(Data extracted from a collection)
== Segment start ==
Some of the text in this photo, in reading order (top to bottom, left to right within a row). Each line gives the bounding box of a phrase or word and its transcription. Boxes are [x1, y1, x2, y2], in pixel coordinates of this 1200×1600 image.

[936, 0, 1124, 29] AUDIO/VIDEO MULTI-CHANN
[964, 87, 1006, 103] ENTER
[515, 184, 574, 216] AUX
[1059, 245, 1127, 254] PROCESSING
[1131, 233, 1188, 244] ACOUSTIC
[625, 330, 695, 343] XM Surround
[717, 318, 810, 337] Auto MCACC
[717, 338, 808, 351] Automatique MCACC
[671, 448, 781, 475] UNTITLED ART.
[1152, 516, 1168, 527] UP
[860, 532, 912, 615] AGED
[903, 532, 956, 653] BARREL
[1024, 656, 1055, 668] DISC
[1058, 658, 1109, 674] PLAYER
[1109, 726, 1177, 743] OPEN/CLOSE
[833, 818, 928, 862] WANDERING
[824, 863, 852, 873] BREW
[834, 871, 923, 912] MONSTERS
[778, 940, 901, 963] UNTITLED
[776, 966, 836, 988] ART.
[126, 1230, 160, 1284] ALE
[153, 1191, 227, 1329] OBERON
== Segment end ==
Transcribe each entry precisely, missing none.

Some of the text in this photo, in reading order (top to bottom, left to right within a row). Each line gives the bounding box of a phrase or word and its transcription. Boxes are [x1, y1, x2, y2], in pixel coordinates of this 1200×1600 image.

[936, 0, 1124, 29] AUDIO/VIDEO MULTI-CHANN
[964, 87, 1006, 103] ENTER
[515, 184, 574, 216] AUX
[1059, 245, 1127, 254] PROCESSING
[1131, 233, 1188, 244] ACOUSTIC
[625, 330, 695, 343] XM Surround
[717, 318, 810, 337] Auto MCACC
[717, 338, 808, 351] Automatique MCACC
[671, 448, 781, 475] UNTITLED ART.
[1152, 516, 1168, 527] UP
[860, 532, 912, 615] AGED
[903, 532, 956, 653] BARREL
[1024, 656, 1055, 668] DISC
[1058, 658, 1109, 674] PLAYER
[1109, 726, 1177, 743] OPEN/CLOSE
[833, 818, 928, 862] WANDERING
[824, 863, 852, 873] BREW
[834, 871, 923, 912] MONSTERS
[778, 940, 901, 963] UNTITLED
[776, 966, 836, 988] ART.
[126, 1230, 160, 1284] ALE
[153, 1191, 227, 1329] OBERON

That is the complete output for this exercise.